Specifying Pools with RADOS Gateway

Suppose your radosgw stores data in .rgw.buckets by default, but you want users to be able to specify a different pool called target-pool.

Note: This walkthrough assumes 2 machines, a radosgw and a client of the radosgw.
Pay attention to which step is to be done on which machine.
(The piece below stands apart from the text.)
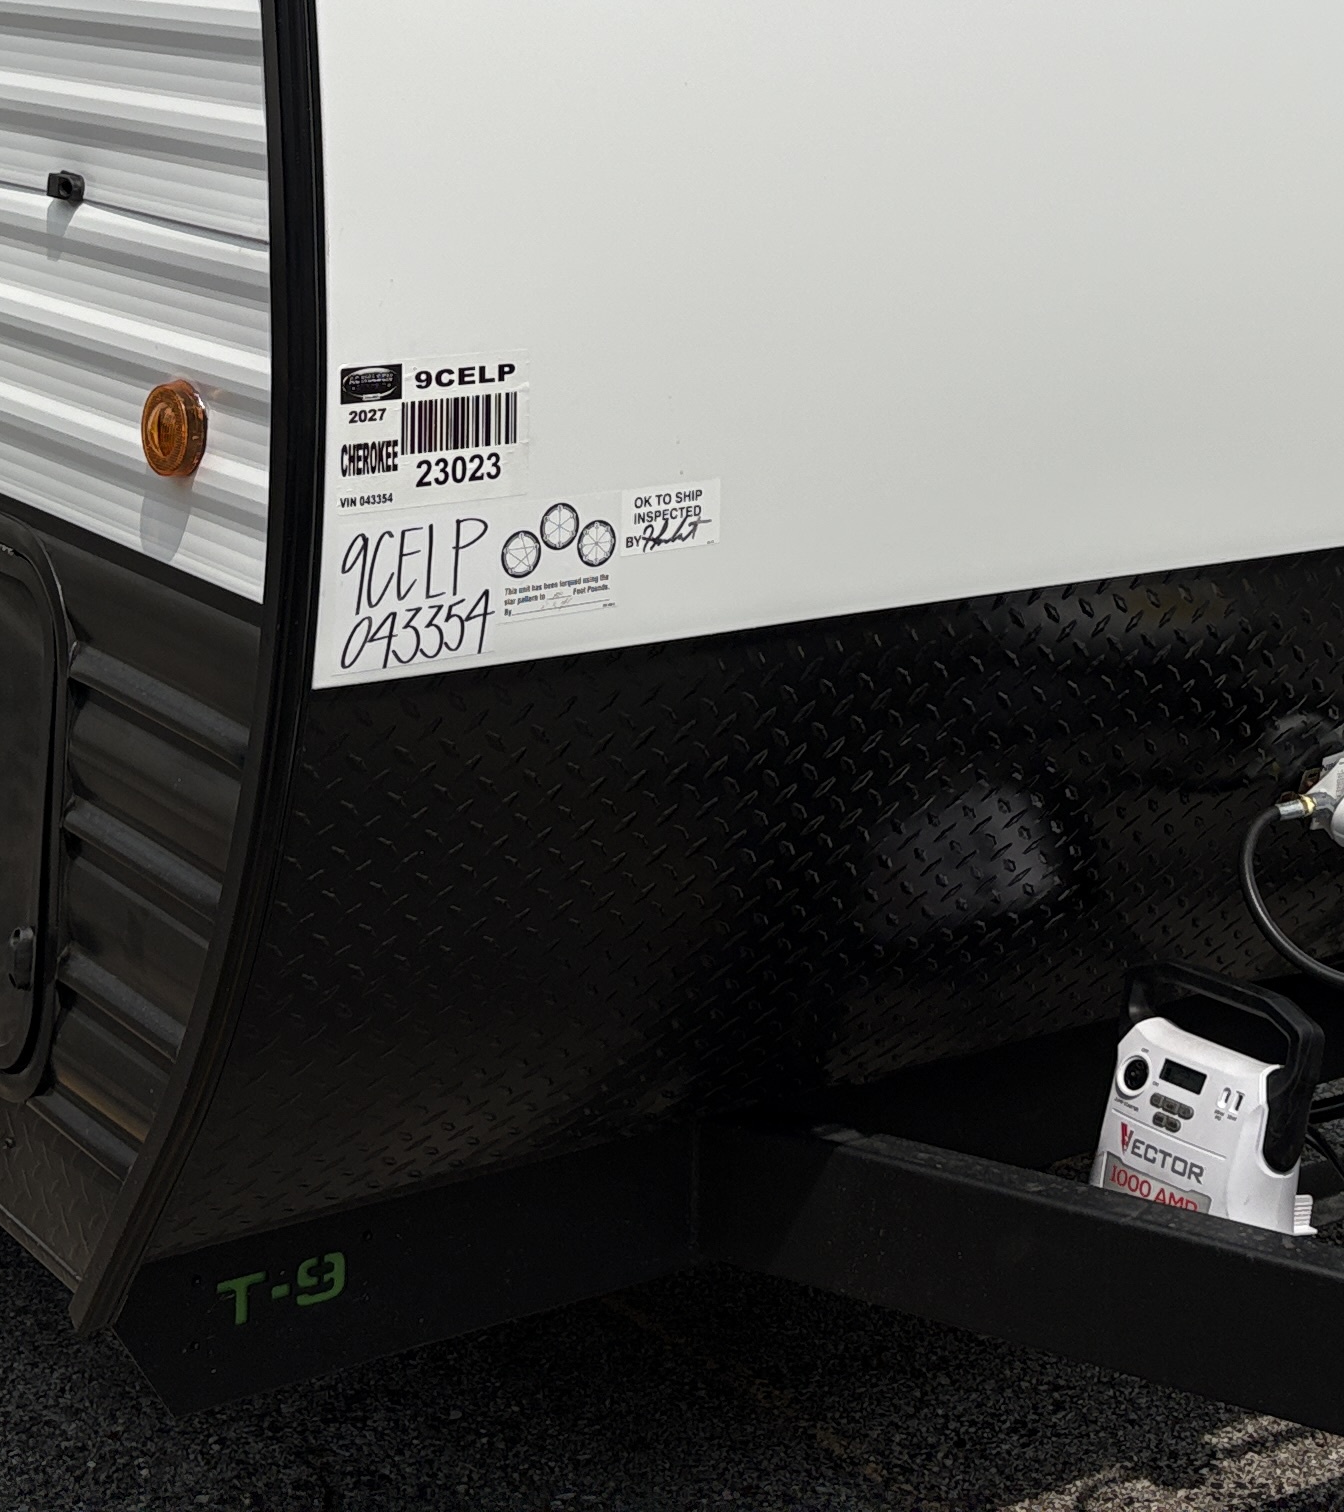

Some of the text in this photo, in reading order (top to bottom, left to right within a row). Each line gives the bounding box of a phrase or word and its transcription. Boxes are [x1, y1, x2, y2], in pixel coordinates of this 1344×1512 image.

If you are just testing radosgw functionality, it is possible to do the client steps on the same machine that is running the radosgw service.
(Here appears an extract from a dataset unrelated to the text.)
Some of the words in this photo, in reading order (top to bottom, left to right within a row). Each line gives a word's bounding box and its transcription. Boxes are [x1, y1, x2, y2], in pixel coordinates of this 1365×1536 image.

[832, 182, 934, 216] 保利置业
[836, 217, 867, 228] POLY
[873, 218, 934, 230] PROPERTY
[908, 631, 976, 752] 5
Create the placement target

On the radosgw machine, get a copy of the current region and zone configurations, and make backups:

     [root@radosgw ~]# radosgw-admin region get > region_conf.json
     [root@radosgw ~]# cp region_conf.json region_conf.json.BKP
     [root@radosgw ~]# radosgw-admin zone get > zone_conf.json
     [root@radosgw ~]# cp zone_conf.json zone_conf.json.BKP

Open region_conf.json in your favorite text editor. Find the placement targets configuration, which by default looks like this:

    "placement_targets": [
        {
            "name": "default-placement",
            "tags": []
        }
    ],

Add a new placement target to the list for your target pool. We’ll call it custom-target:

    "placement_targets": [
        {
            "name": "custom-target",
            "tags": []
        },
        {
            "name": "default-placement",
            "tags": []
        }
    ],

Now open zone_conf.json, and find the placement pools section, which looks something like this:

    "placement_pools": [
        {
            "key": "default-placement",
            "val": {
                "index_pool": ".rgw.buckets.index",
                "data_pool": ".rgw.buckets",
                "data_extra_pool": ""
            }
        }
    ]

Add an additional placement pool. Make sure the ‘key’ field matches the name of the placement target you configured above, which was custom-target

     "placement_pools": [
        {
            "key": "custom-target",
            "val": {
                "index_pool": "target-pool.index",
                "data_pool": "target-pool",
                "data_extra_pool": ""
            }
        },im 
        {
            "key": "default-placement",
            "val": {
                "index_pool": ".rgw.buckets.index",
                "data_pool": ".rgw.buckets",
                "data_extra_pool": ""
            }
        }
    ]

You will need to create the pool target-pool.index. Technically, it will work if you just use the default .rgw.index pool for both placement targets, but I’m not really sure what the implications are, so best to separate everything out.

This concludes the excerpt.